Nestled on the summit of Pompey’s Knob near Little Switzerland, North Carolina, Wildacres boasts a colorful history. Its original owner, Thomas Dixon, author of the novel the "Klansman" which was made into the movie "Birth of a Nation," had actually begun transforming the property into a haven for creative thinkers when the Crash of '29 forced him into bankruptcy.
For seven years the land lay idle. Then in 1936, as the country struggled to recover from the Great Depression, a Charlotte real estate agent persuaded I.D. Blumenthal to bid on the property which was about to be auctioned by a court in Austin, Texas. Acting on the agent’s advice, I.D. offered $6,500, an unheard of amount for 1400 acres of mountain real estate, complete with the buildings Dixon had initially built.
On the day of the auction, his was the only bid received. Because his offer was so low, the Texas court sent a representative to appraise the real estate’s worth. Certain the man would reject the bid once he laid eyes on Wildacres, I.D. met the agent at the Asheville train station, and together they set forth for the mountain. It was a glorious day when they started out, but as the car wound its way up Pompey’s Knob, a storm rolled in, shrouding the mountain in mist. It was raining when they reached the summit, and impossible to see a thing through the impenetrable fog.
Wet, miserable, and no doubt unaccustomed to the eerie quality the Blue Ridge can assume on such a day, the agent from Texas didn’t care to tarry. He returned to Austin and within a few weeks, the bid was approved.
All his life, I.D. considered Wildacres to be something of a miracle, a divine gift with which the Blumenthals had been entrusted. In 1946, he dedicated Wildacres to "the betterment of human relations," and in the years hence, it has enriched the lives of tens of thousands of people serving as a retreat and conference center for nonprofit groups.

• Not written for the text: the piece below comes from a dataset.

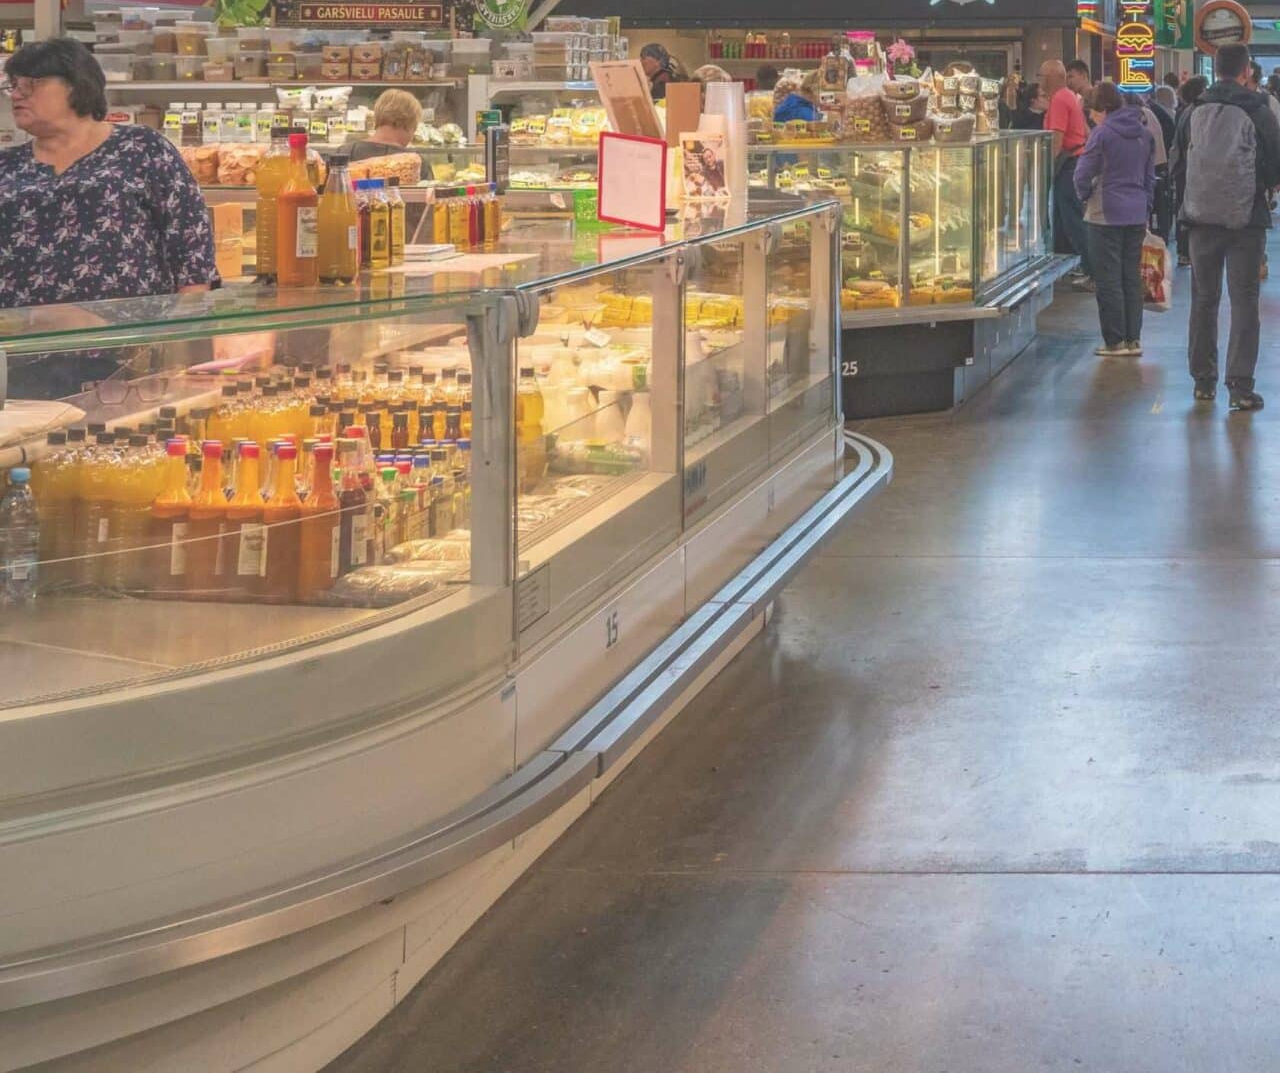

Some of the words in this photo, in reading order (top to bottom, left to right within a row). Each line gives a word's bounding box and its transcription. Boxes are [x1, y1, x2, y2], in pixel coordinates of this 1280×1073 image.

A public charity since 1972, Wildacres is a fulcrum for innovative programs designed to meet the challenges of the twenty-first century.
The Wildacres Leadership Initiative was started in 1995 to commemorate the 50th anniversary of Wildacres Retreat, to honor the human relations focus of the Blumenthal family, and to expand it to meet the emerging needs of an increasingly diverse and globally connected North Carolina. The Initiative seeks to create a community of leaders committed individually and collectively to promoting improved human relations among and expanded opportunities for all North Carolinians.
The William C. Friday Fellowship for Human Relations is the core program of the initiative, and provides a two-year leadership development program to assist North Carolinians who have depth of feeling, breath of knowledge, and a network of relationships that are necessary to meet the leadership challenges of the 21st century. The aim of the program is to nurture passionate individuals to pursue their ideas for a better future for our state and its people; and to build a diverse and sustained network who will address North Carolina's most pressing issues, particularly in the area of human relations.
In October 2010 Wildacres Leadership Initiative celebrated its 15th anniversary and is proud of the 166 Fellows who have graduated from the program and who play important roles throughout the state of North Carolina.